The key observation that has yet been made is that $H \cap K \subseteq Z(G)$, and more importantly, $H \cap K \subseteq Z(H)$ and $H \cap K \subseteq Z(K)$. Any irreducible representation maps the center of the group to scalar matrices with the scalars being roots of unity (see Lemma 2.25 in Isaacs', for instance).
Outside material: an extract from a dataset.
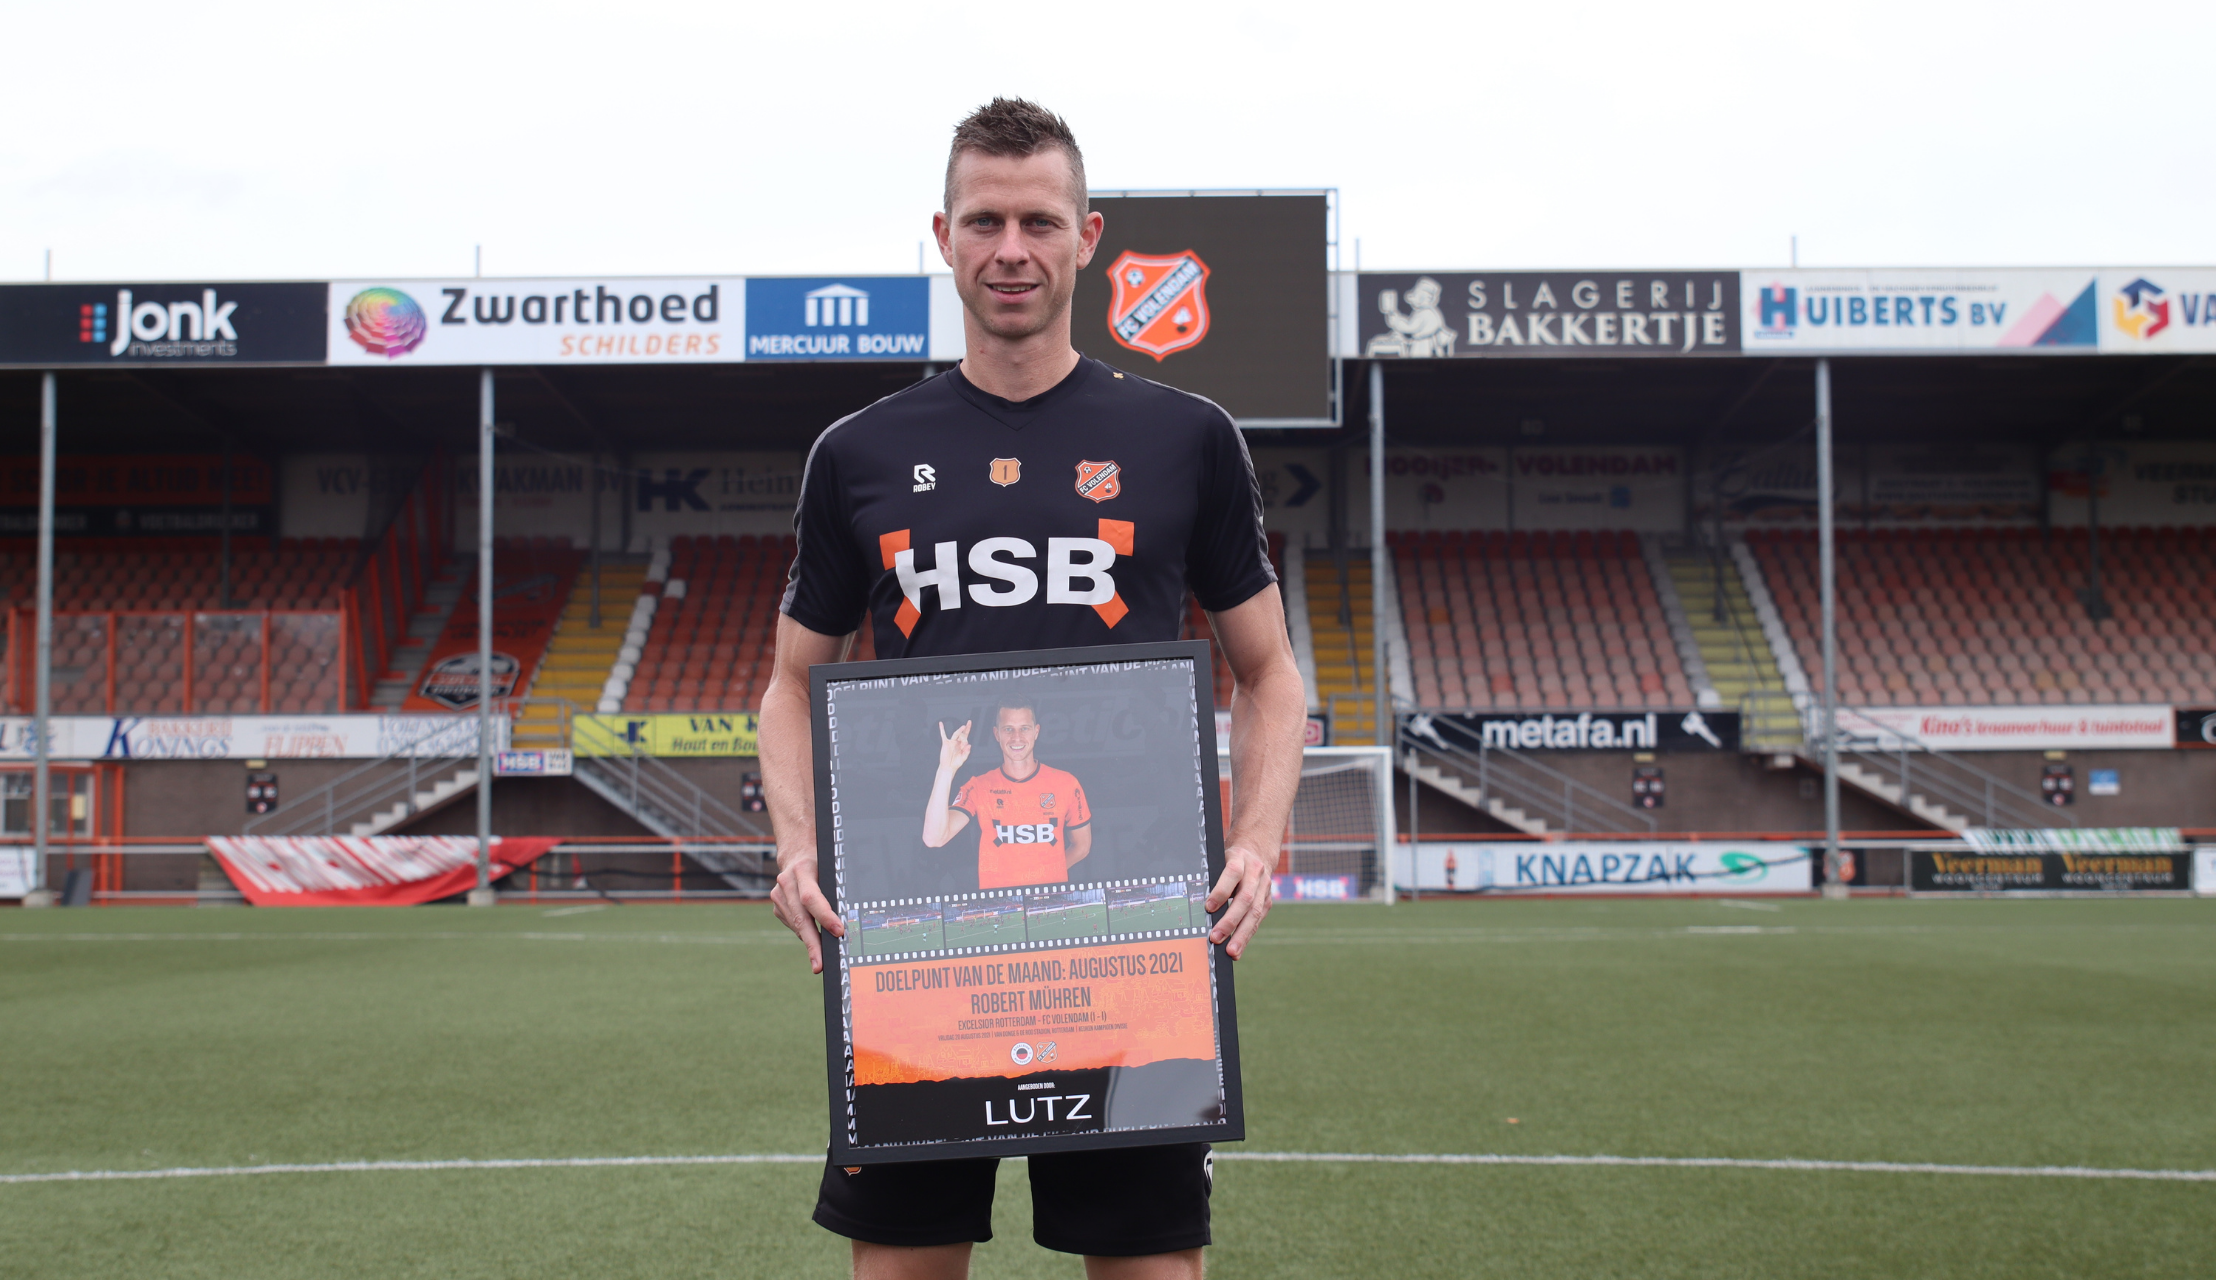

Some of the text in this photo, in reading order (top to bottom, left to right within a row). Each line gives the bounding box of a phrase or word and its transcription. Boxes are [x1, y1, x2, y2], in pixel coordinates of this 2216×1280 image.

This implies that $\rho |_{H \cap K} = \rho(1)\lambda_1$ and $\psi |_{H \cap K} = \psi(1)\lambda_2$ for some linear characters $\lambda_1, \lambda_2 \in \mbox{Irr}(H\cap K)$. Now, we know that $\rho |_{H \cap K}$ and $\psi |_{H \cap K}$ share a constituent, but the only way this is possible is if $\lambda_1 = \lambda_2$.

We can now show that $\rho(g)\psi(g^{-1}) = \rho(1)\psi(1)$ for $g \in H \cap K$ using orthogonality.
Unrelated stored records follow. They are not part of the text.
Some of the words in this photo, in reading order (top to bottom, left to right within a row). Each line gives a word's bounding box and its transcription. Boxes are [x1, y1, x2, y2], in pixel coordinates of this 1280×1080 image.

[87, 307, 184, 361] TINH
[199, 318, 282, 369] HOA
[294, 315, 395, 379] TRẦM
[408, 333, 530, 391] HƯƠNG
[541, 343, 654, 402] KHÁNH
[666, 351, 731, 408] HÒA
$$ \dfrac{1}{|H \cap K|} \sum_{g \in H \cap K} \rho(g)\psi(g^{-1}) = \dfrac{\rho(1)\psi(1)}{|H \cap K|} \sum_{g \in H \cap K} \lambda(g)\lambda(g^{-1}) = \rho(1)\psi(1) $$

We now have that $\sum_{g \in H \cap K} \rho(g)\psi(g^{-1}) = | H \cap K|\rho(1)\psi(1)$, but the triangle inequality implies that $\rho(g)\psi(g^{-1}) = \rho(1)\psi(1)$ for all $g \in H \cap K$.
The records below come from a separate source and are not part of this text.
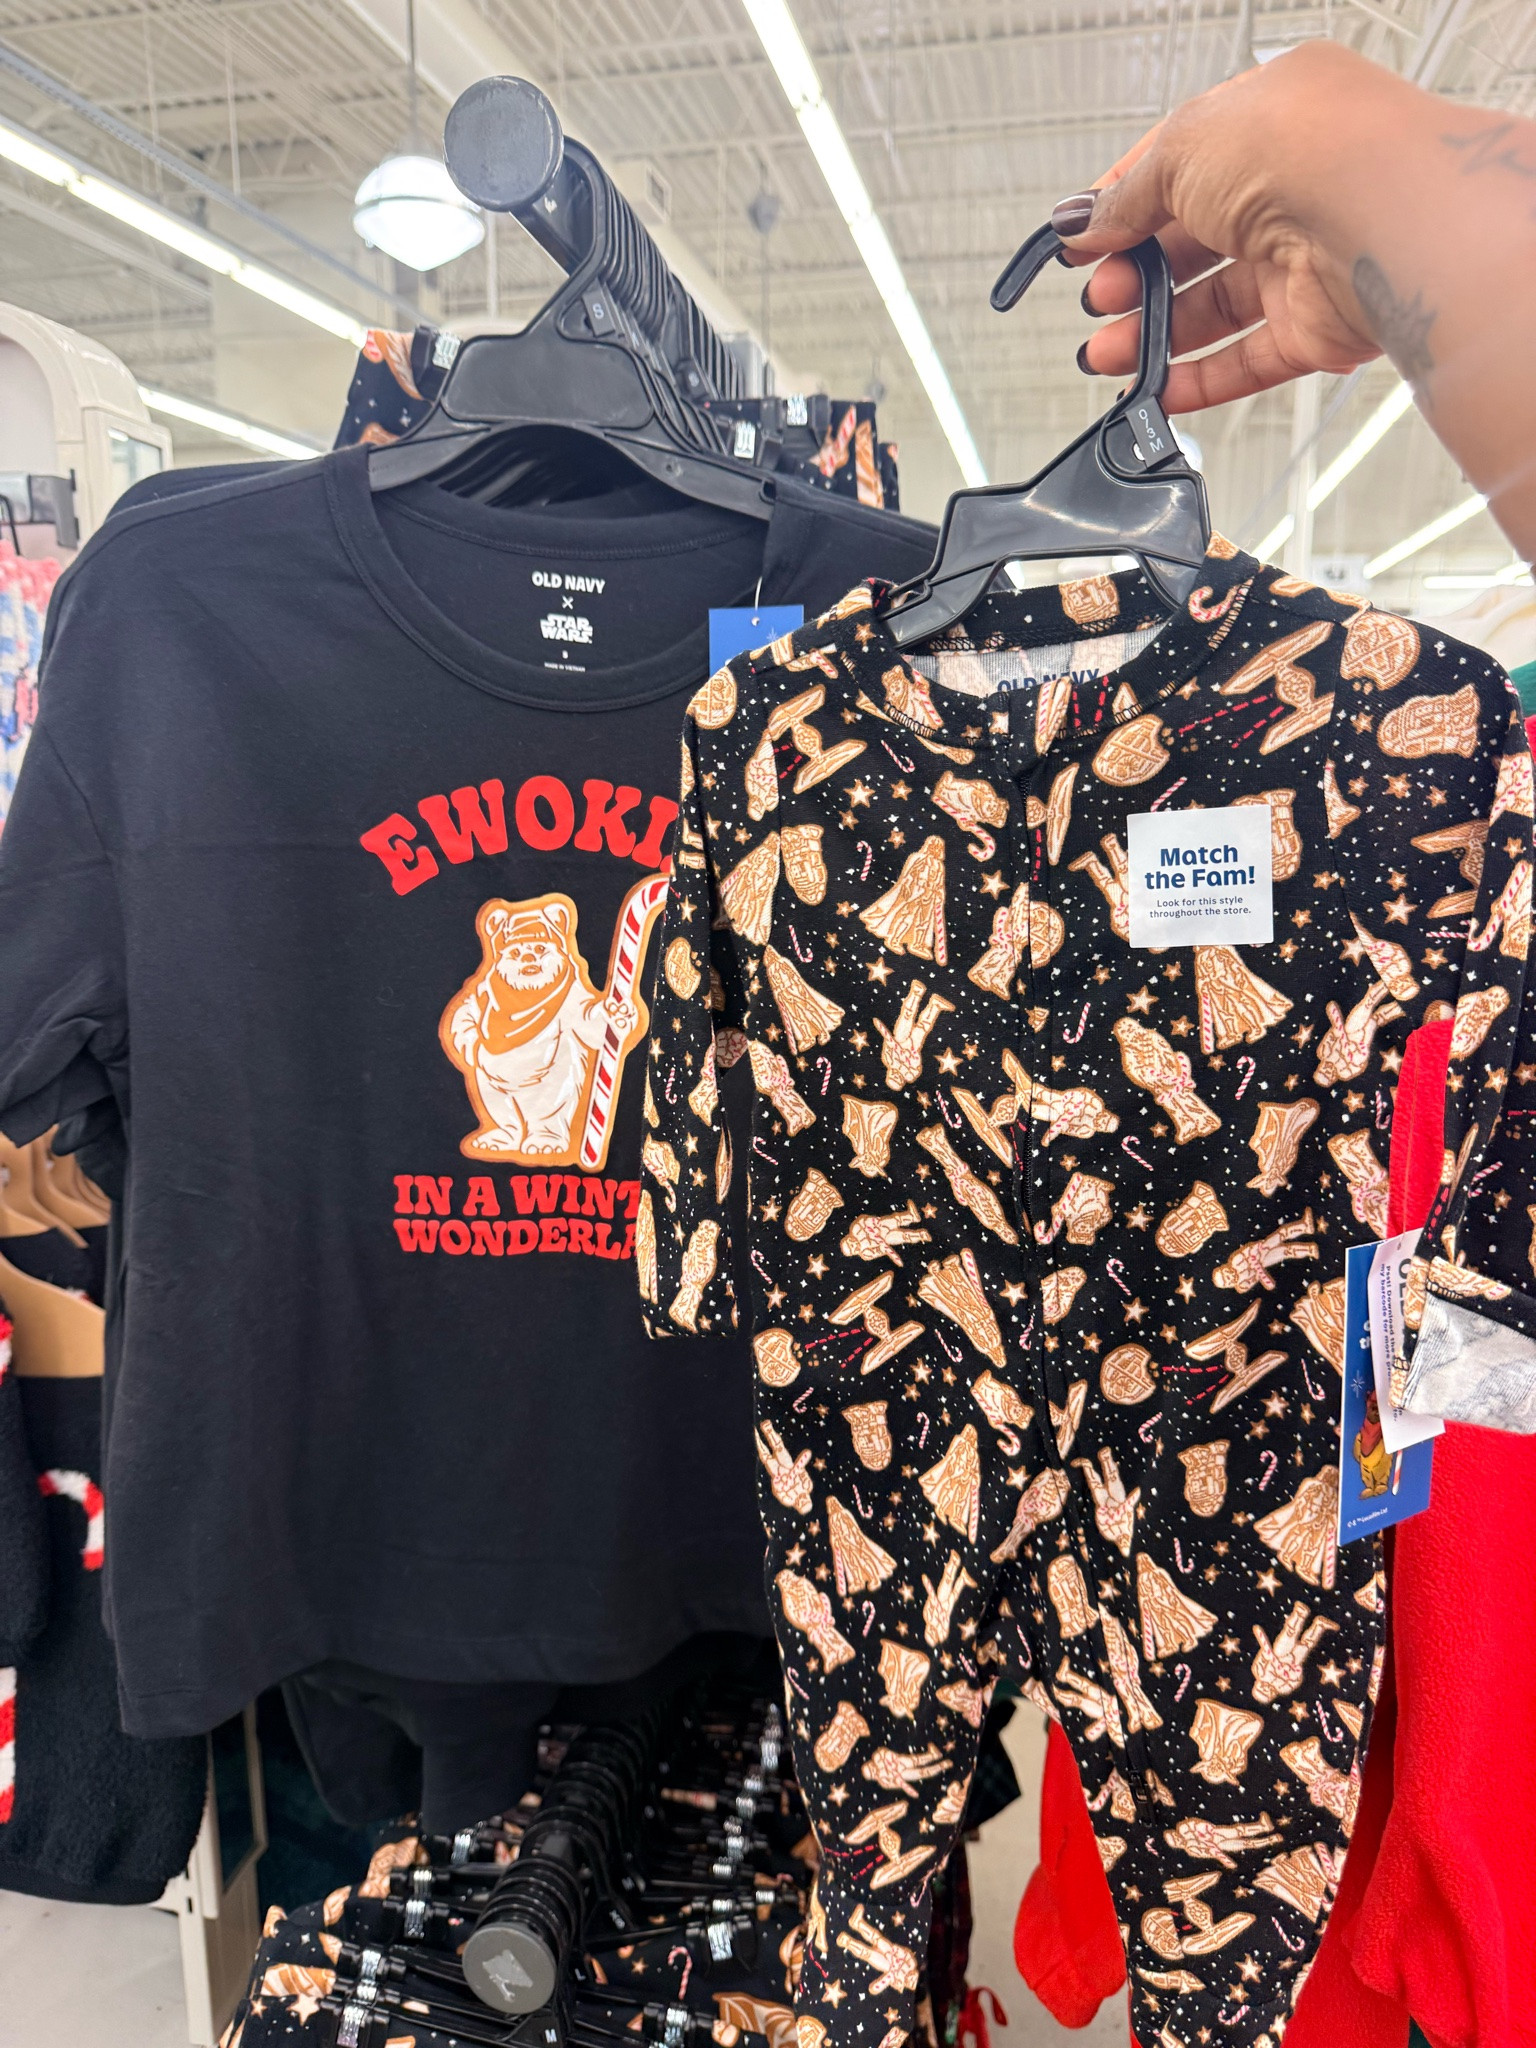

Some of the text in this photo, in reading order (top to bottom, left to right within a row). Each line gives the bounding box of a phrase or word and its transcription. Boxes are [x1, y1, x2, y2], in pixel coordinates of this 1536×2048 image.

[531, 570, 606, 594] OLD NAVY
[540, 613, 593, 632] STAR
[360, 775, 680, 896] EWOKI
[1160, 845, 1238, 867] Match
[1144, 866, 1255, 890] the Fam!
[1150, 907, 1251, 919] throughout the store.
[1157, 896, 1243, 908] Look for this style
[393, 1175, 453, 1216] IN
[462, 1176, 501, 1216] A
[1380, 1263, 1385, 1277] my
This implies that $\ker(\rho \times \psi)$ contains the kernel of the map from $H \times K$ into $G$, and so you can associate $\rho \times \psi$ with an irreducible character of $G$ as you've desired.

I think I'll leave uniqueness to you.

Answer 2

To prove that $N \subset \ker(\rho \times \psi)$ note that $0\not=\langle \rho \mid_{H \cap K}, \psi \mid_{H \cap K} \rangle$ implies \begin{equation} 0\not=\sum_{h \in H \cap K} \rho(h)\psi(h^{-1})=\sum_{x\in N}(\rho\times\psi)(x)=|N|\langle(\rho\times\psi)\mid_N,1_N \rangle. \end{equation} Since $1_N$ is an irreducible constituent of $(\rho\times\psi)\mid_N$ and $N\vartriangleleft H\times K$, Clifford's theorem (6.2 of Isaacs CTFG) tells us that $1_N$ is the only irreducible constituent of $(\rho\times\psi)\mid_N$ (since the $H\times K$-conjugates of $1_N$ are just $1_N$). As a consequence, \begin{equation} \ker(\rho\times\psi)\cap N=\ker((\rho\times\psi)\mid_N)=\ker1_N=N. \end{equation} Hence $N\subset\ker(\rho\times\psi)$, as desired.
Now, write $\rho\mid_{H\cap K}=\sum_i n_i\chi_i$, $\psi\mid_{H\cap K}=\sum_jm_j\lambda_j$ for some irreducible characters $\chi_i$, $\lambda_j$ of $H\cap K$ and some nonnegative integers $n_i$,$m_j$. We have that $H\cap K$ is abelian, thus \begin{equation} \sum_{i,j}n_im_j\langle\chi_i,\lambda_j\rangle=\langle \rho \mid_{H \cap K}, \psi \mid_{H \cap K} \rangle=\rho(1)\psi(1)=\sum_{i,j}n_i\chi_i(1)m_j\lambda_j(1)=\sum_{i,j}n_im_j. \end{equation} Since $\langle\chi_i,\lambda_j\rangle=1$ for each $i,j$ it follows that $\rho\mid_{H\cap K}$ and $\psi\mid_{H\cap K}$ have only one irreducible consituent, and it is the same one, but this does not imply that both characters are equal since we don't know if $\rho(1)=\psi(1)$.